» **WHAT IS NEEDED**
Given the material below, repeat exactly the lines from the one containing "this 1667×1080 image." through the final line, and nothing else.

::::::::::

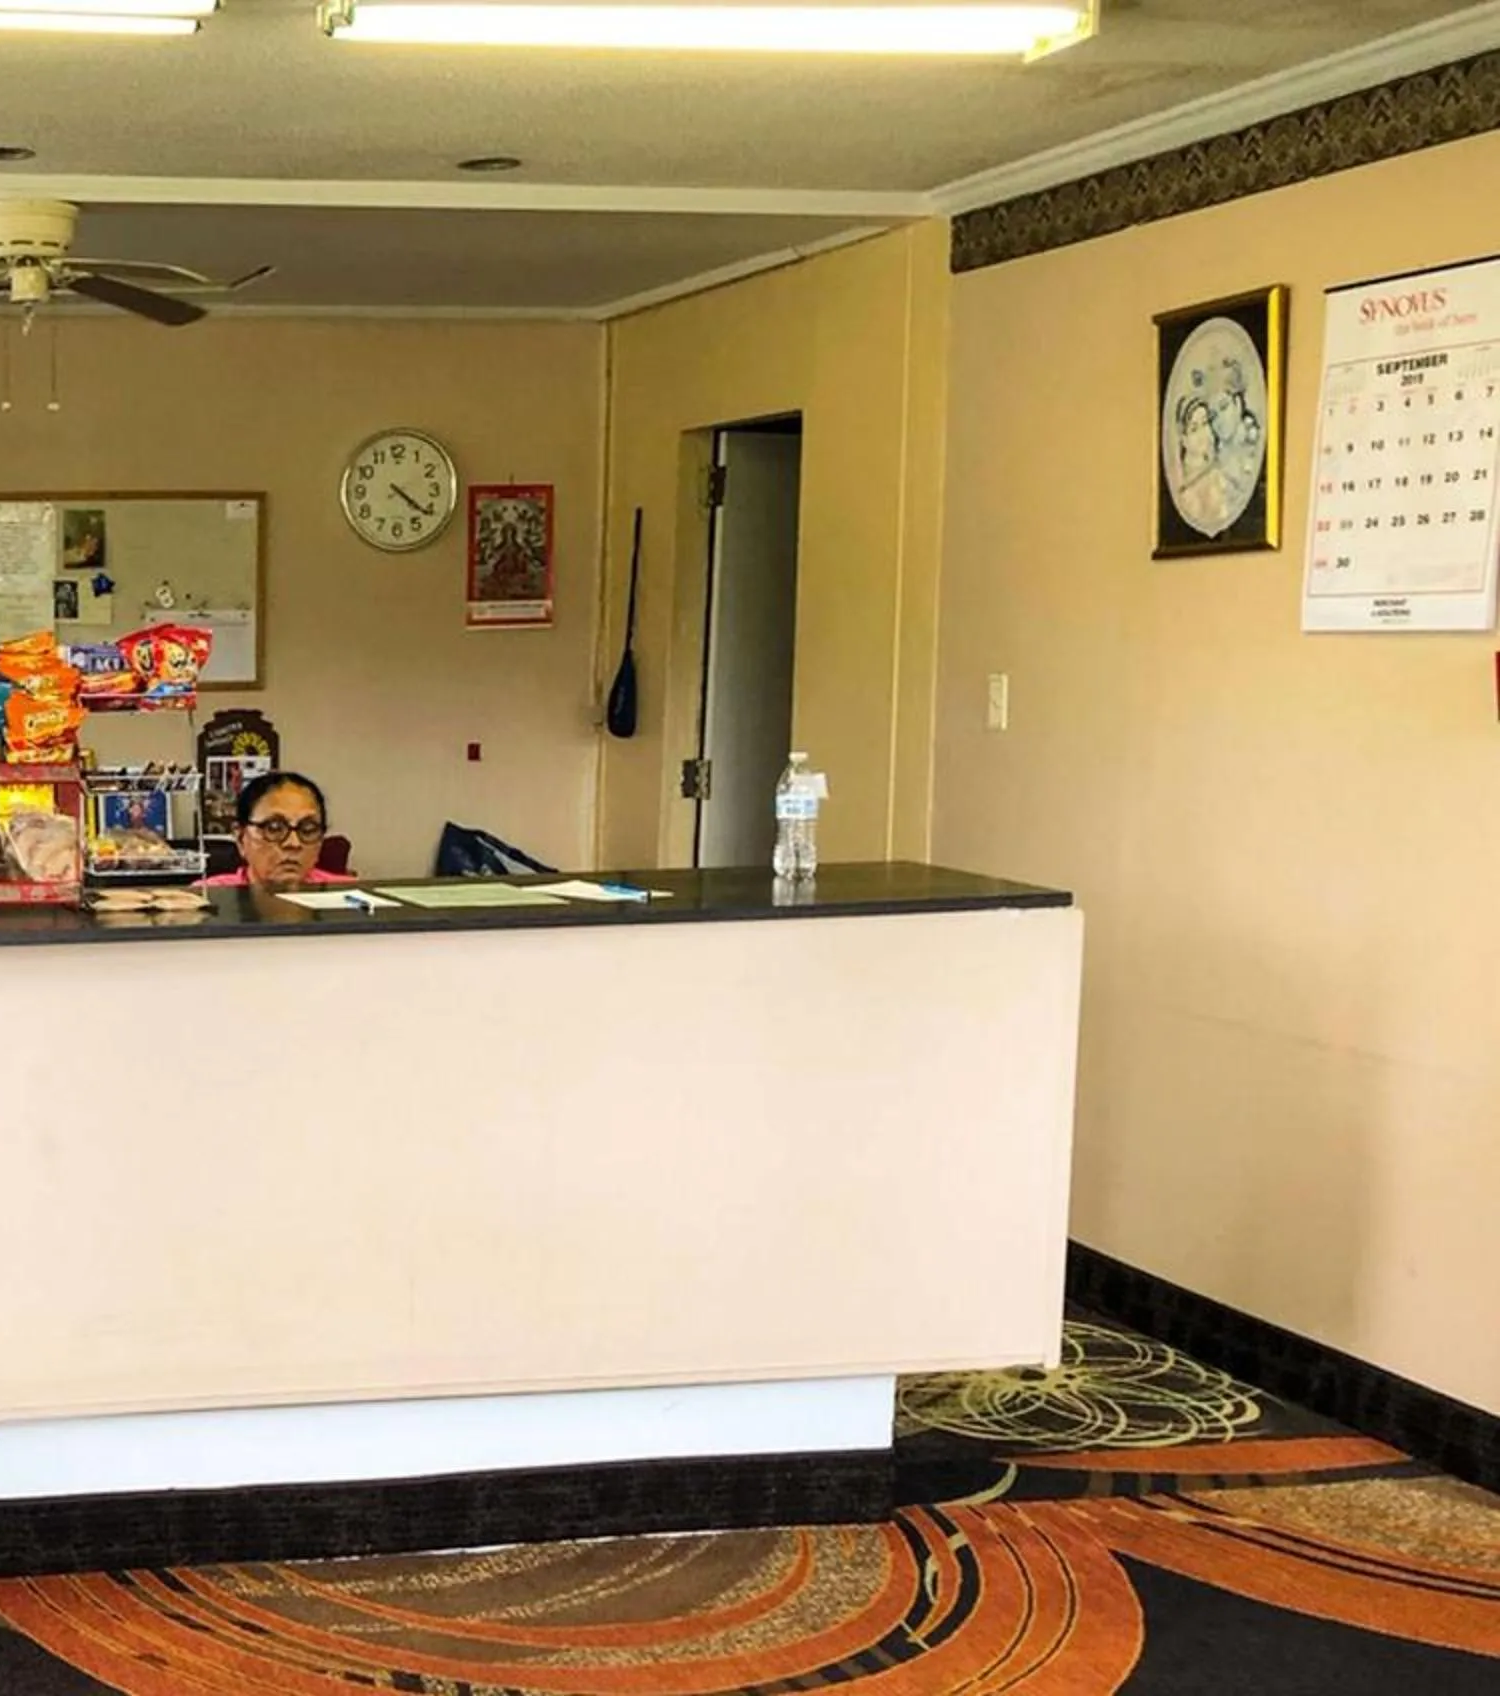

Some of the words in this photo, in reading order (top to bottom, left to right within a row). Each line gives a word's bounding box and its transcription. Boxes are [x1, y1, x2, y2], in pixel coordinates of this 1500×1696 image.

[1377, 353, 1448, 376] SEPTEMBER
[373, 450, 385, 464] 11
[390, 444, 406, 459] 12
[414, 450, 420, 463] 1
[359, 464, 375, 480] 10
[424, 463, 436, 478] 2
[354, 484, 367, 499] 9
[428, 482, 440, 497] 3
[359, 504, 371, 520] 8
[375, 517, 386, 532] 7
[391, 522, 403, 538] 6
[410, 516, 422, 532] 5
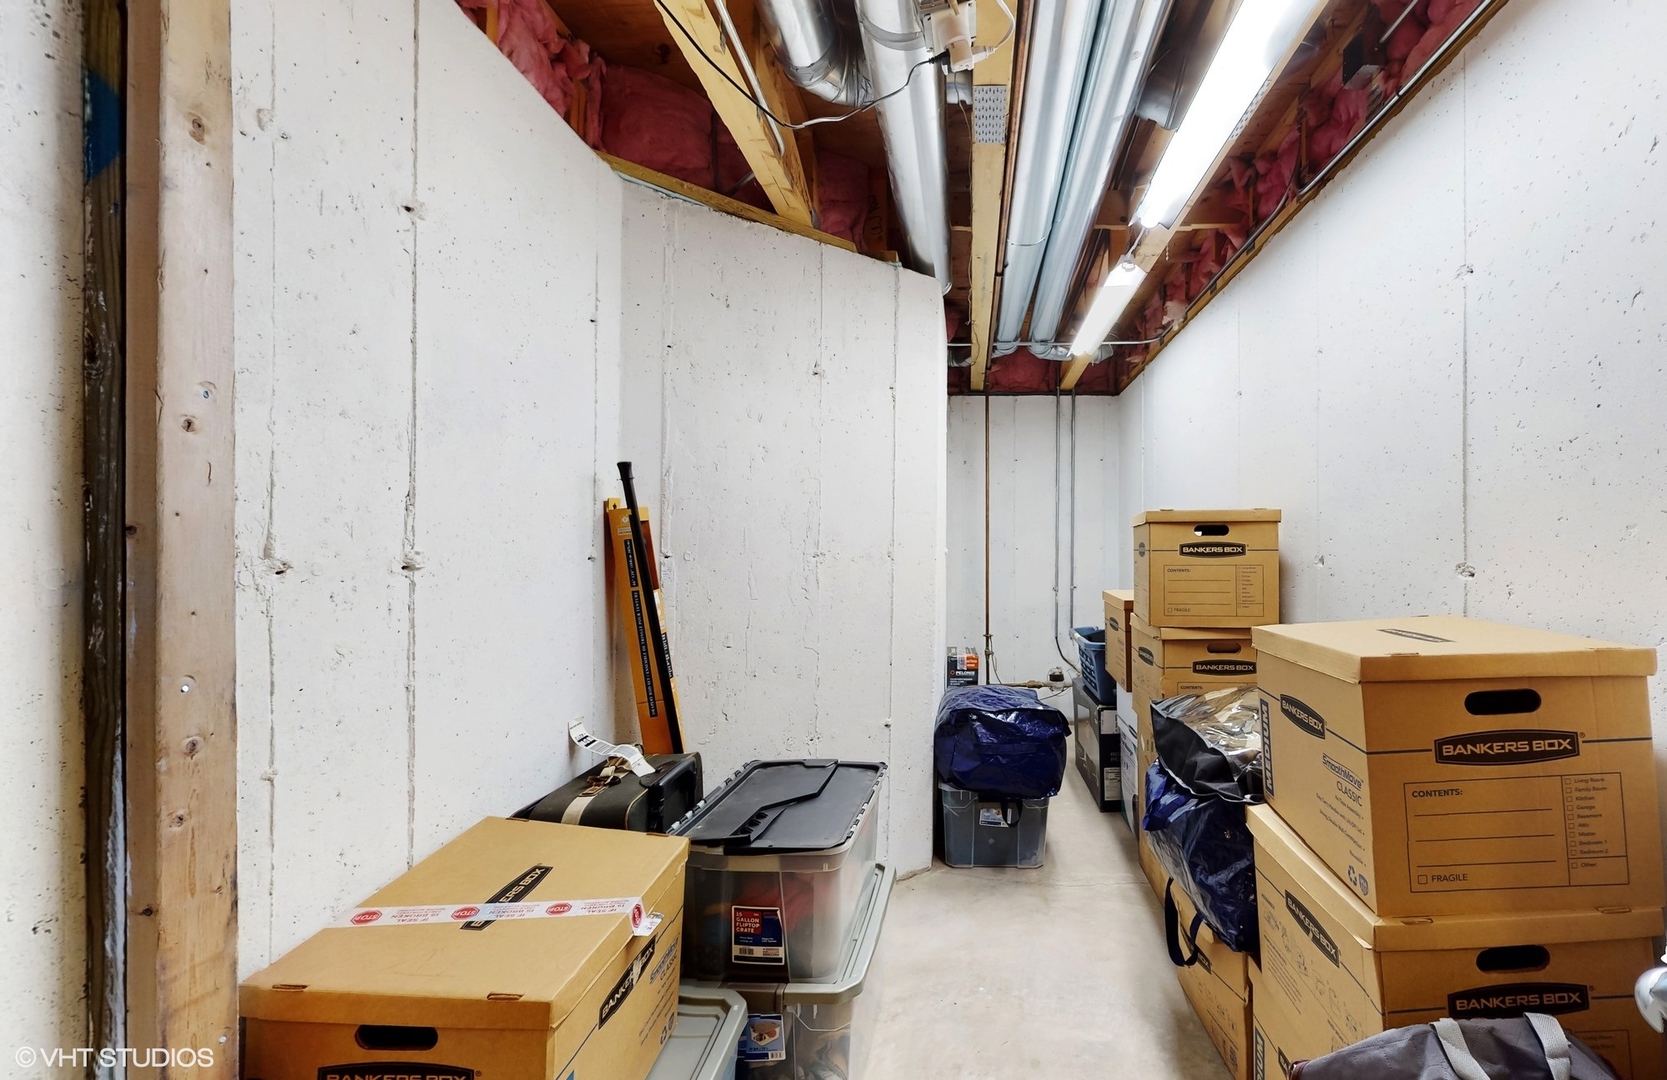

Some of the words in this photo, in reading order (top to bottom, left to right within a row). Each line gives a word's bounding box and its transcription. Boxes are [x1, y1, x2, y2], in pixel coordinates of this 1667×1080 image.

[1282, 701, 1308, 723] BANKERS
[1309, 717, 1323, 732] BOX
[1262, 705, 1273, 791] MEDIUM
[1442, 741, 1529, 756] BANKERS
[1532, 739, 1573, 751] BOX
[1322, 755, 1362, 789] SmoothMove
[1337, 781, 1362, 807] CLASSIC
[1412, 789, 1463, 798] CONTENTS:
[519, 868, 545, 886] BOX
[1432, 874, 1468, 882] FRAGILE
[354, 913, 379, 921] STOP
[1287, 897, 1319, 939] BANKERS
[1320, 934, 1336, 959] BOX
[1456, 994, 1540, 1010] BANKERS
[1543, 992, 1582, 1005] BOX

::::::::::

» **RESULT BELOW**
Some of the words in this photo, in reading order (top to bottom, left to right within a row). Each line gives a word's bounding box and its transcription. Boxes are [x1, y1, x2, y2], in pixel coordinates of this 1667×1080 image.

[1282, 701, 1308, 723] BANKERS
[1309, 717, 1323, 732] BOX
[1262, 705, 1273, 791] MEDIUM
[1442, 741, 1529, 756] BANKERS
[1532, 739, 1573, 751] BOX
[1322, 755, 1362, 789] SmoothMove
[1337, 781, 1362, 807] CLASSIC
[1412, 789, 1463, 798] CONTENTS:
[519, 868, 545, 886] BOX
[1432, 874, 1468, 882] FRAGILE
[354, 913, 379, 921] STOP
[1287, 897, 1319, 939] BANKERS
[1320, 934, 1336, 959] BOX
[1456, 994, 1540, 1010] BANKERS
[1543, 992, 1582, 1005] BOX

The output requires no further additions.